# Plot and compare QM and ML data

### Imports and Constants

In [None]:
import ase
from ase.db import connect
import nglview
import numpy as np
import matplotlib.pyplot as plt
from matplotlib import cm
from mpl_toolkits.mplot3d import Axes3D
from mpl_toolkits.axes_grid1 import ImageGrid

from spainn.interface import NacCalculator
from schnetpack.transform import MatScipyNeighborList

from tqdm import tqdm

from sklearn.metrics import r2_score
import scipy

In [None]:
BOHR_TO_ANGSTROM = 0.529177249
HARTREE_TO_meV = 27.2114 * 1e3

## Comparing the angle-bond length grid ML vs. ML vs. QM

In [None]:
bond_values = np.linspace(2.4321, 4.4321, 101) * BOHR_TO_ANGSTROM
angle_values = np.linspace(0, 90, 91)
X, Y = np.meshgrid(angle_values, bond_values)

In [None]:
preds_painn = np.load("Predictions_Painn.npz")
preds_schnet = np.load("Predictions_Schnet.npz")
targets     = np.load("groundtruth_grid.npz")
mask = targets['energy'][:,:,0] < -1 # geometries where the SCF did not converge

In [None]:
fig, axs = plt.subplots(1, 3, subplot_kw={"projection": "3d"},
                        figsize=(15, 6), layout='constrained')

for state in range(3):
    Z = preds_painn['energy'][:, state]
    surf = axs[0].plot_trisurf(X.flatten(), Y.flatten(), Z.flatten(), cmap=cm.coolwarm,
                           linewidth=0, antialiased=False)
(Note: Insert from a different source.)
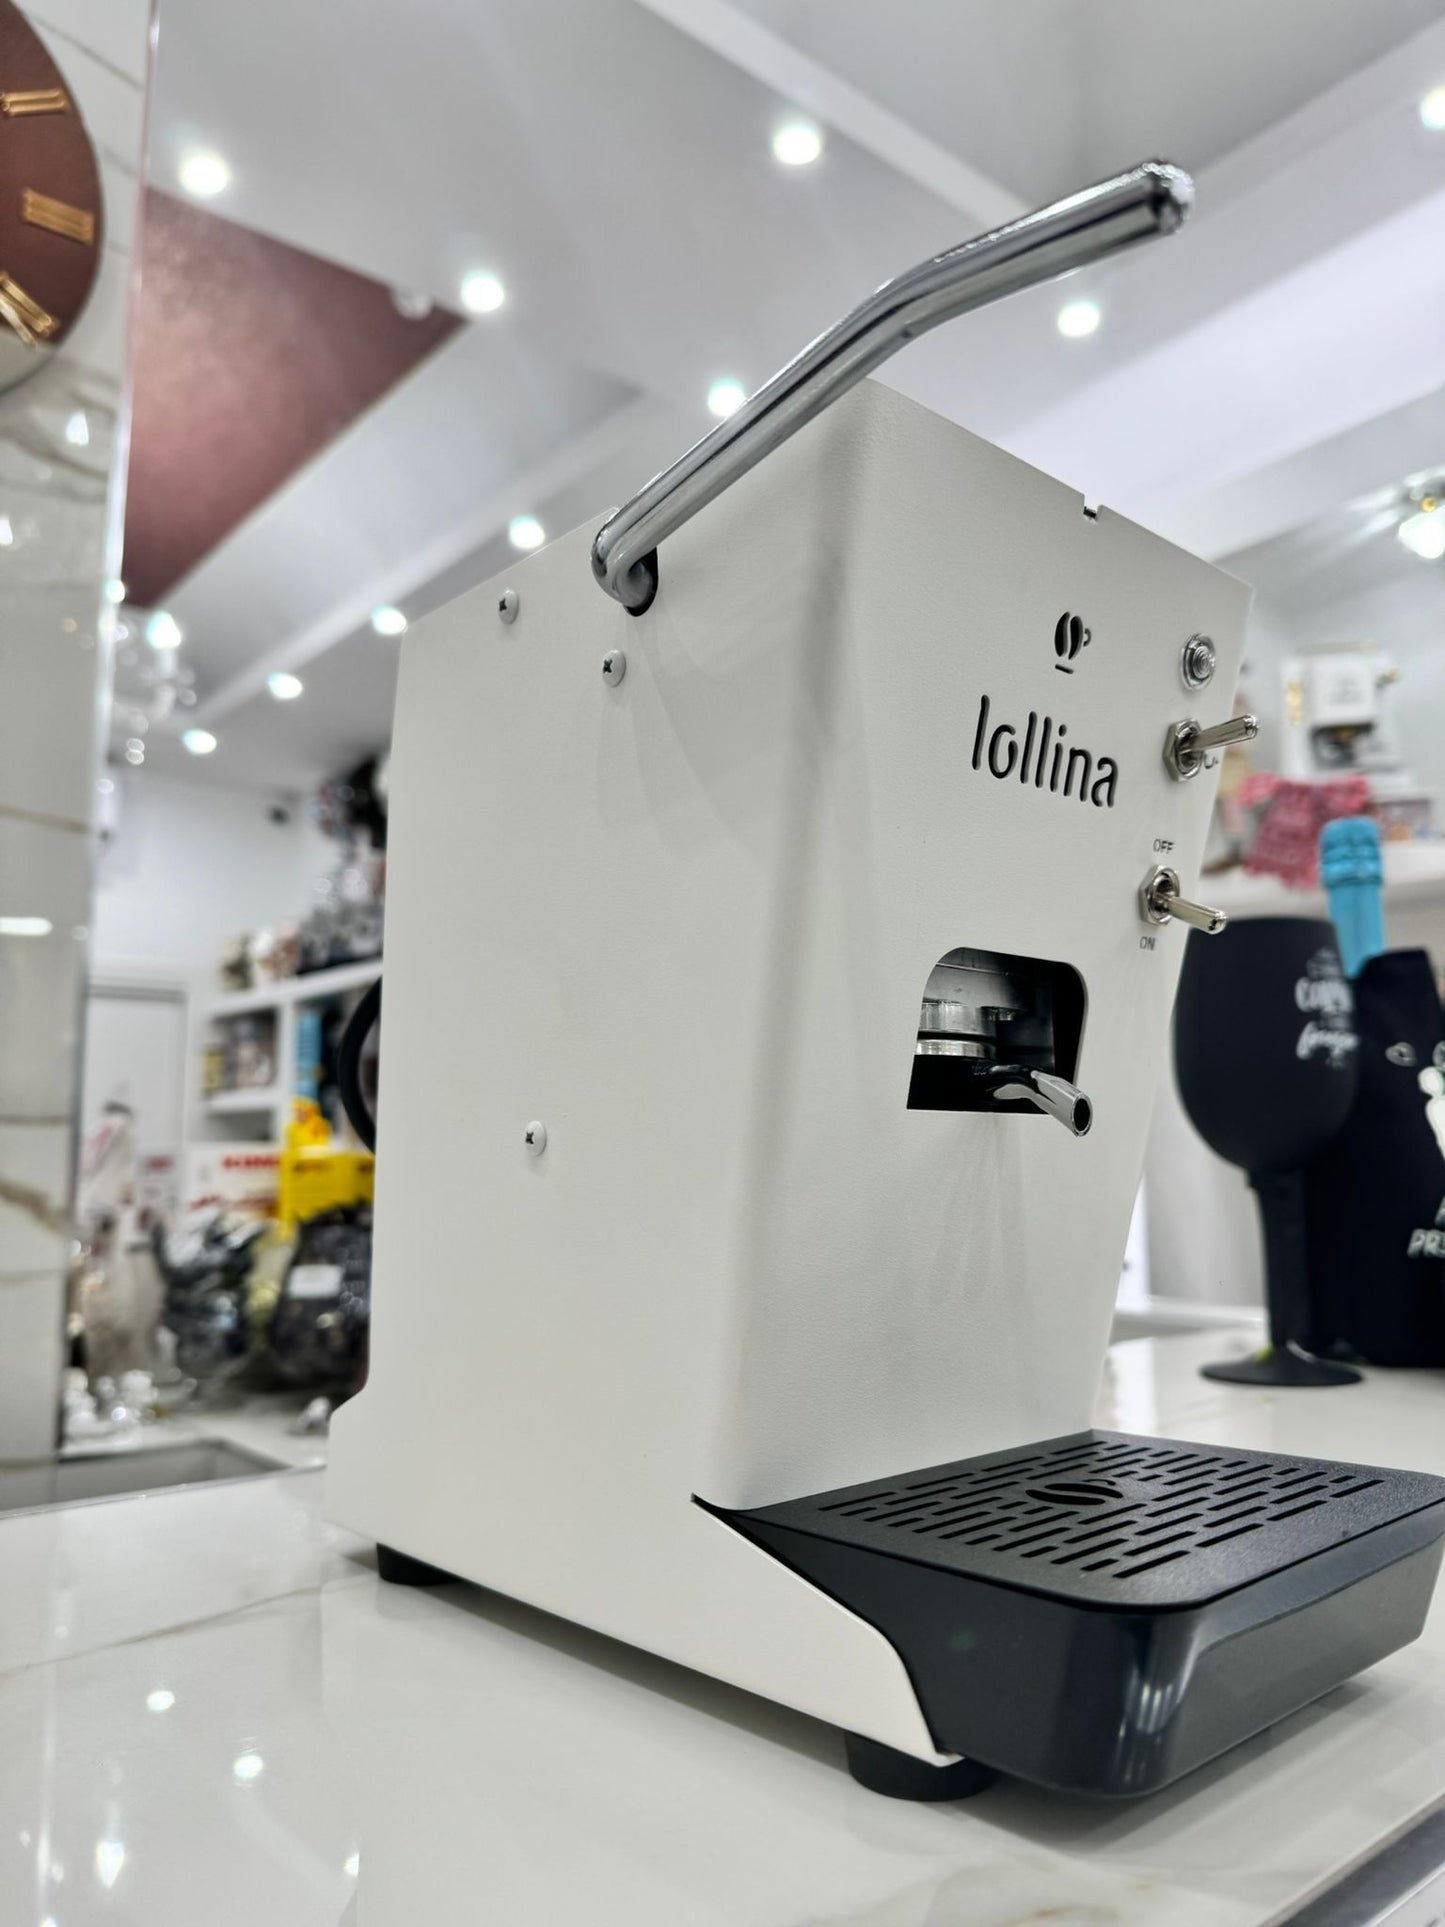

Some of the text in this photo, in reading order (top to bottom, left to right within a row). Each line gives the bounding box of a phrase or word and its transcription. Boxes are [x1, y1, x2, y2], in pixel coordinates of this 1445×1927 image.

[971, 694, 1119, 808] lollina
[1153, 839, 1174, 854] OFF
[1139, 936, 1156, 951] ON
    Z = preds_schnet['energy'][:, state]
    surf = axs[1].plot_trisurf(X.flatten(), Y.flatten(), Z.flatten(), cmap=cm.coolwarm,
                           linewidth=0, antialiased=False)

    Z = targets['energy'][:, :, state]
    surf = axs[2].plot_trisurf(X[mask].flatten(), Y[mask].flatten(), Z[mask].flatten(), cmap=cm.coolwarm,
                           linewidth=0, antialiased=False)

axs[0].set_title("Painn")
axs[1].set_title("Schnet")
axs[2].set_title("QM")

for ax in axs:
    ax.set_ylabel("C-N bond length [°]")
    ax.set_xlabel("C-N rotation [Å]")
    ax.set_zlabel("Energy / Ha")

plt.show()

## Zooming in on the interaction between the 2 lowest states


### Energies
Visualizing the enrergy gap between the ground and first excited state

In [None]:
fig, axs = plt.subplots(1, 3, layout="constrained", 
                        sharex=True, sharey=True,
                        figsize=(10, 5))

levels = [i*0.05 for i in range(8)]

# painn
axs[0].contourf(X, Y, (preds_painn['energy'][:,1] - preds_painn['energy'][:,0]).reshape(101, 91), 
                        cmap='Blues', 
                       levels=levels)
axs[0].set_title('PaiNN', fontsize=20)

# schnet
axs[1].contourf(X, Y, (preds_schnet['energy'][:,1] - preds_schnet['energy'][:,0]).reshape(101, 91), 
                        cmap='Blues', 
                       levels=levels)
axs[1].set_title('SchNet', fontsize=20)

# ground truth
S0_energy = np.ma.masked_where(~mask, targets['energy'][:,:,0])
S1_energy = np.ma.masked_where(~mask, targets['energy'][:,:,1])
cont3 = axs[2].contourf(X, Y, (S1_energy - S0_energy).data, 
                        cmap='Blues', 
                        levels=levels)
axs[2].set_title('QM', fontsize=20)

cbar = fig.colorbar(cont3, ax=axs[2])
cbar.set_label("S$_1$-S$_0$ / Ha", fontsize=15)


for ax in axs:
    ax.set_xlabel("C-N rotation [°]", fontsize=15)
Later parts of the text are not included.